A Pentelha - Parte Dois (crônicas de um miserável)

Muito bem, meus senhores, muitíssimo bem!... A coisa ia de uma tal forma que já não havia mais o que fazer: servidão. Servidão e - no máximo orações, orações, digo eu... Ora, aos diabos!, isto jamais coubera a mim. Haveria de beber, de comer, de festejar, pois já se definira. (Uma louca, uma louca!)
- Venha, querido, venha me dizer as palavras corretas...
- De que mesmo se trata?
- A música, a música, peste!
- Ah!, a música... Que música então é essa?

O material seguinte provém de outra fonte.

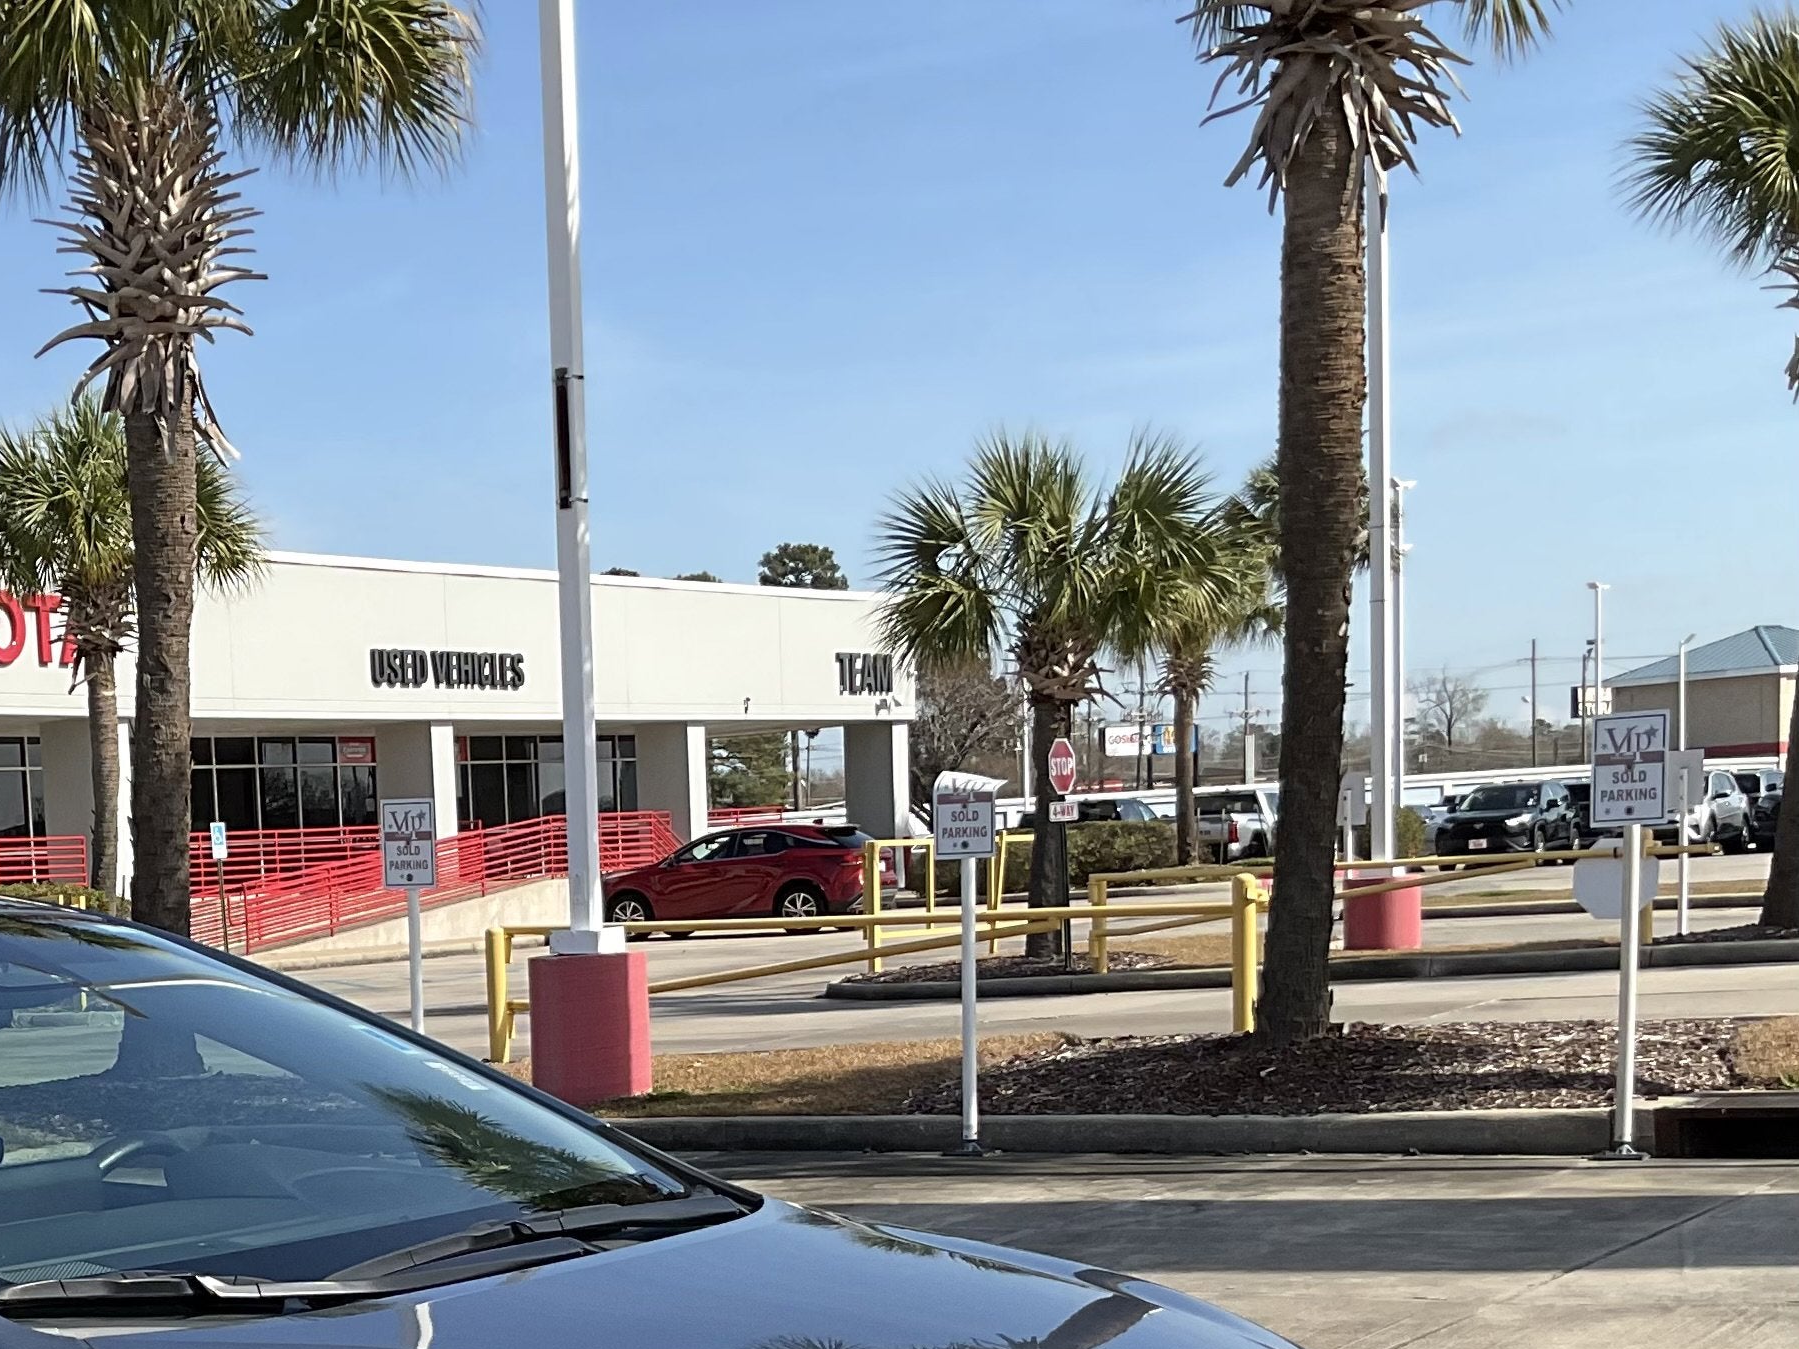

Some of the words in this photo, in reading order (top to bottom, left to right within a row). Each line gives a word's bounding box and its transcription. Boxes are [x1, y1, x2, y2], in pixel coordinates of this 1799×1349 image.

[370, 649, 428, 688] USED
[430, 651, 525, 691] VEHICLES
[835, 652, 893, 696] TEAM
[1051, 757, 1073, 776] STOP
[1612, 770, 1647, 784] SOLD
[1601, 787, 1657, 802] PARKING
[951, 810, 979, 822] SOLD
[942, 826, 988, 839] PARKING
[396, 846, 420, 856] SOLD
[389, 860, 428, 871] PARKING

- Eu desisto. Desisto! Leve-me embora. Daqui, sabe? Rápido! Daqui e de todo lugar... Leve-me embora. Está bem? Desisto, desisto!...
- Eu... Eu... Um minuto.
Levá-la embora. Num átimo, ela semi-adormecera debruçada na mesa, em pleno salão. As iguarias ordenadas acabavam de chegar, e minha dama só se fazia por dizer "desisto, desisto!". E não havia mais lugares para todos aqueles pratos... Meu deus, que papagaiada! Todo o local já se despertara para o nosso burlesqueado, e eu, meus estimados senhores, eu, vejam bem... Não sabia de fato o que dizer.

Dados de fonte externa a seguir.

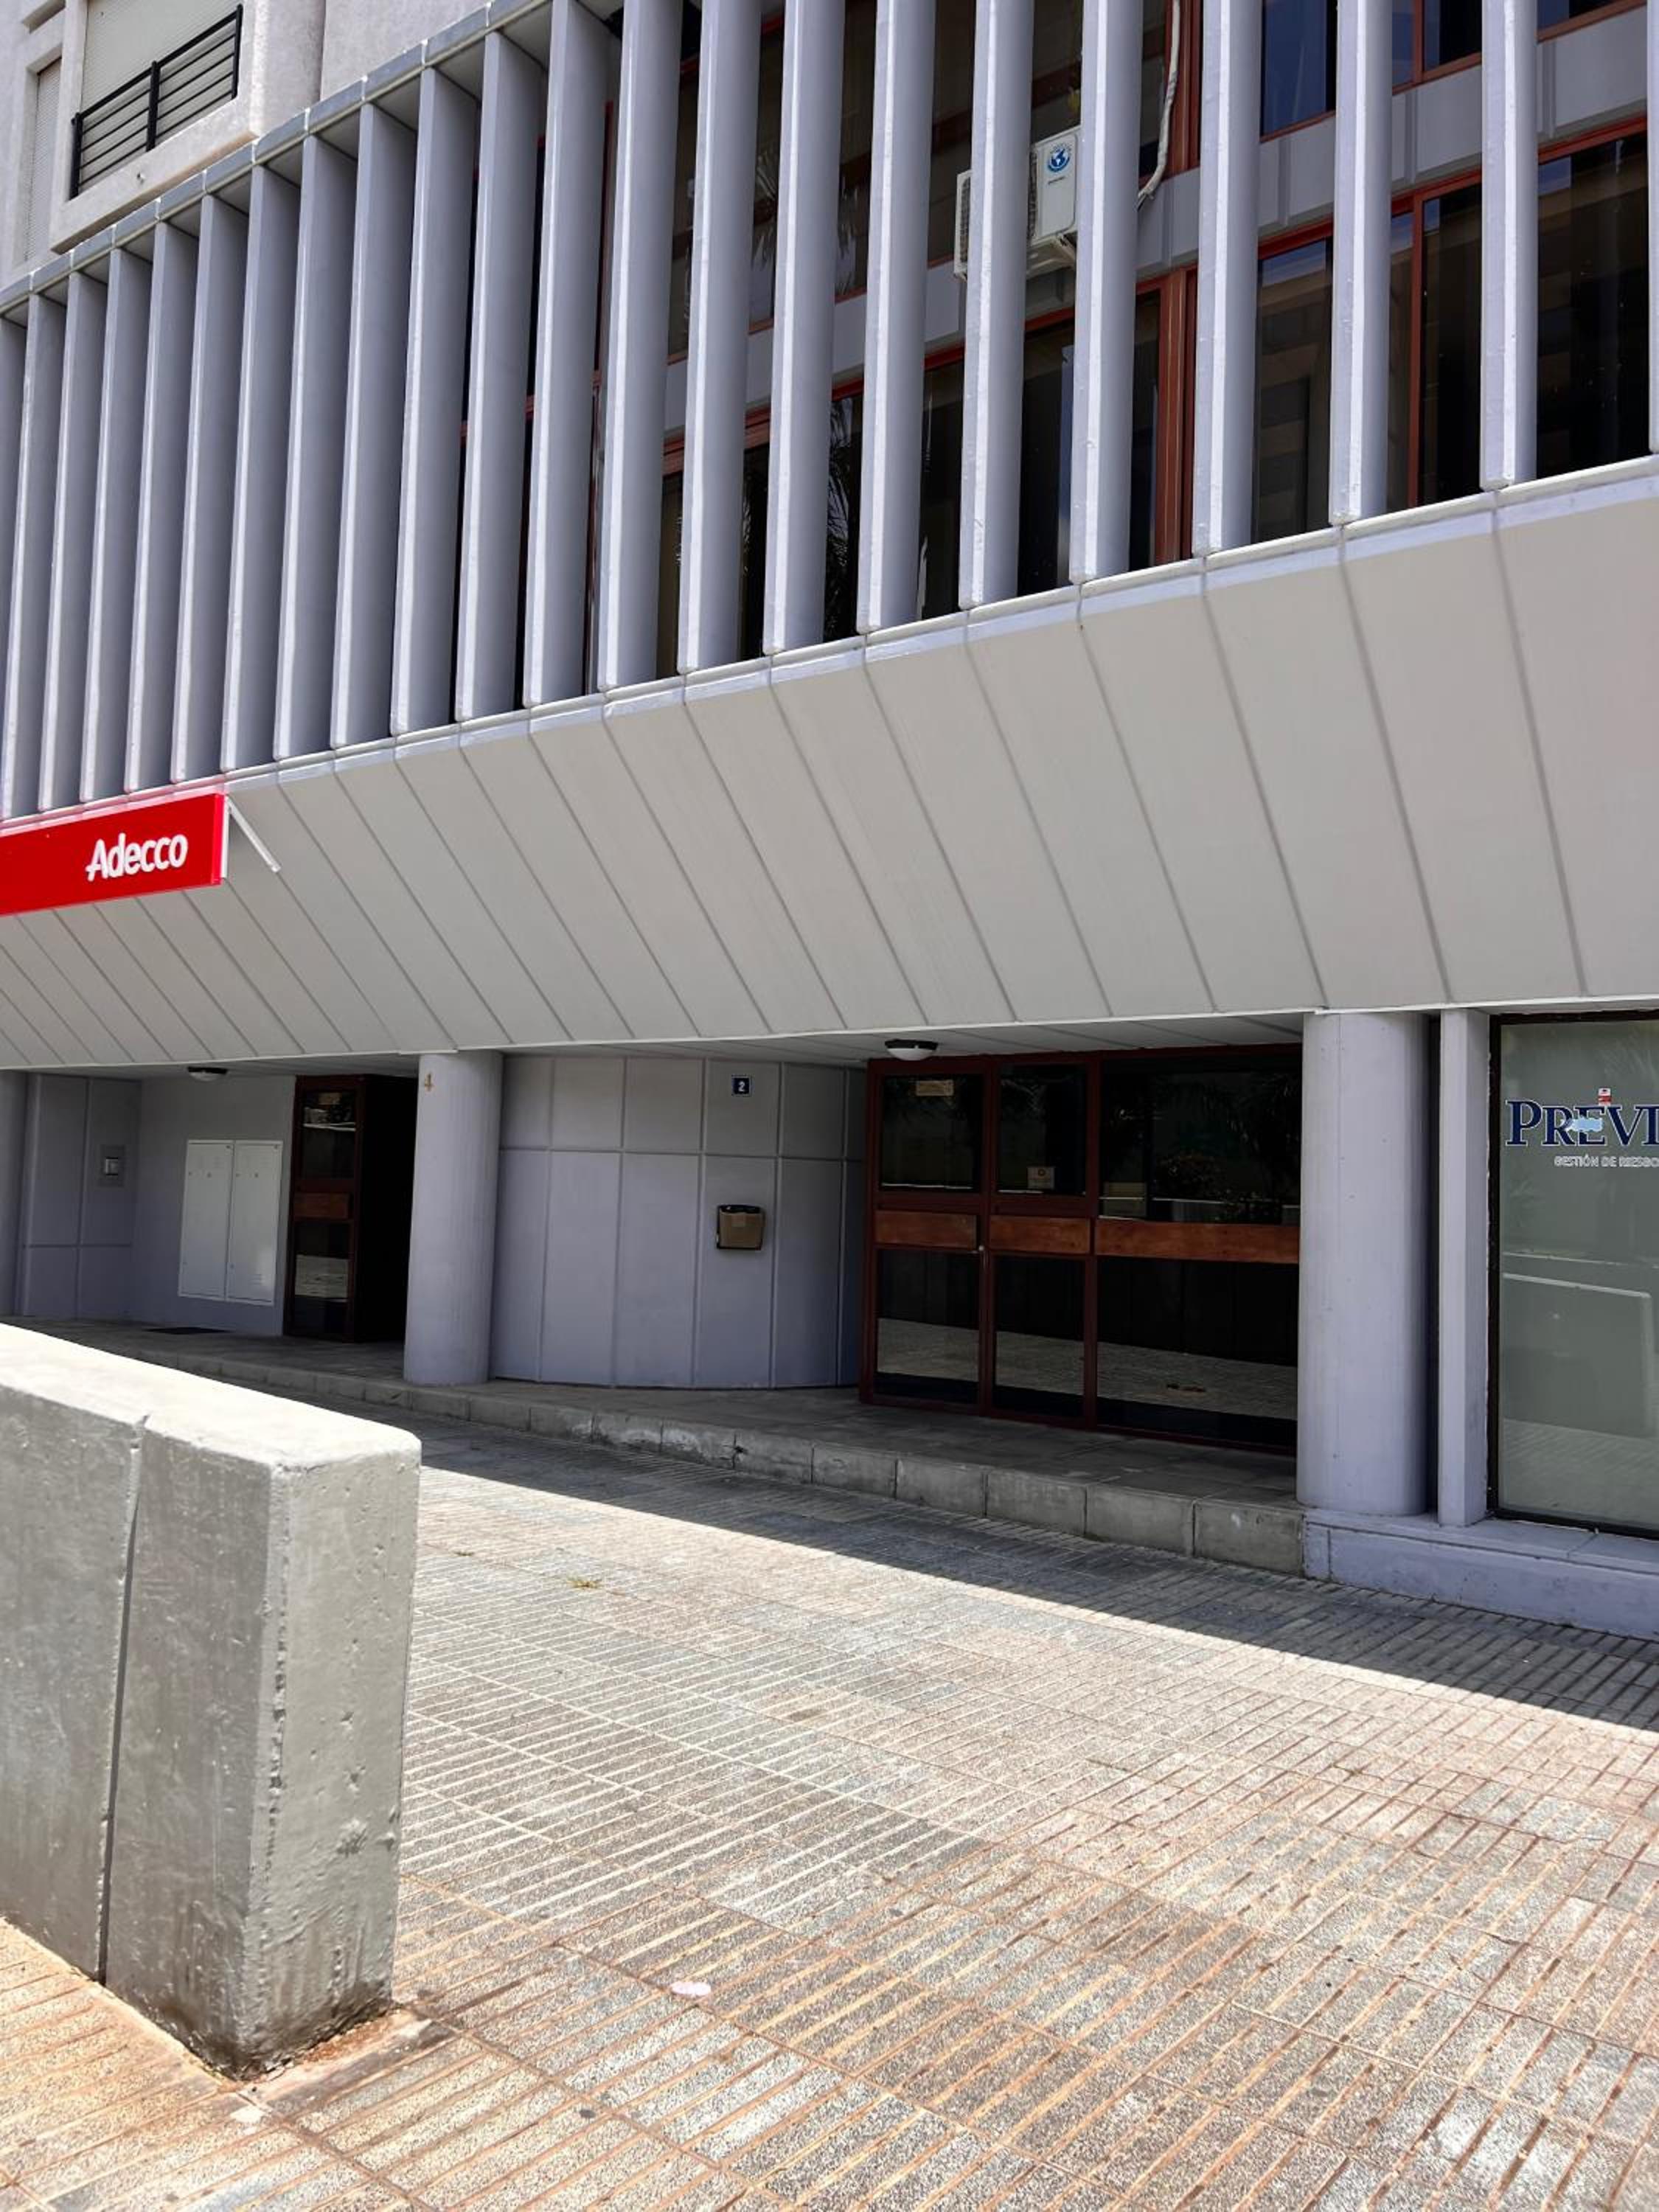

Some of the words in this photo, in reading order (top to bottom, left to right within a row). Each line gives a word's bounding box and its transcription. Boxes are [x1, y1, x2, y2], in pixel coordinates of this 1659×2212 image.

- Obrigado, obrigado. Um minuto, pois...
- Leve-me embora! Leve-me embora!
- Calma, querida, tenha calma... Olhe aí, todas essas tentaçõezinhas de delícias...
- Não as quero, não as quero! - e ela passara a derrubar aleatórios pratos e talheres ao redor. Tanto desperdício, senhores... Mas, não obstante, a vodca permanecia intacta. Mil diabos bêbados, malditos todos eles!
Uma pergunta de minha parte se faz aqui necessária, senhores: numa palavra, o que exatamente fariam em meu lugar? Pois eu havia decidido por levá-la mesmo embora; já não queria mais uma vírgula daquele lugar. Responsabilizara-me por todos os gastos - tão ébrio que me encontrava, sequer recordara a justa quantia. Ao fim do mês tudo revelar-se-ia, pois... Para quê a pressa afinal? Tormentos adiáveis - ilusórias condições de crédito... Que fiquem assim! Voltemos à encomenda principal. A princesinha então se transformara em rã. Que ridículo, digo eu! "Leve-me embora, leve-me embora!" Maldições intragáveis, ela não parecia ser assim... Catatonia! Que bela fanfarra, pois... E as recompensas? Ah!, histórias, nada mais que histórias - embaraços e histórias...
Ao chegar em sua humilde residência - nem tão humilde assim, é bem verdade -, enfim o desfecho áureo de minha peregrinação. Ela acordara, depois de ter praticamente desmaiado durante todo o trajeto de retorno. Que houvesse ficado desse modo, eu digo, entregue ao inconsciente inofensivo... O pior acabara por aterrissar.
- Então é isso, meu senhor?
- Assim como me requisitara. Está em casa.
- É isso, então é isso?
- Pois não.
- Quer-me assim, embora, de volta para casa? É esse o significado do seu desejo?
- Ora, mas... O que quer realmente dizer com tantas voltas, tantas charadas?
- Nada, nada! Eu desisto, desisto! Você não vale uma lágrima sequer... - e se desabara em pranto. Que coisa, meus senhores, que coisa, não?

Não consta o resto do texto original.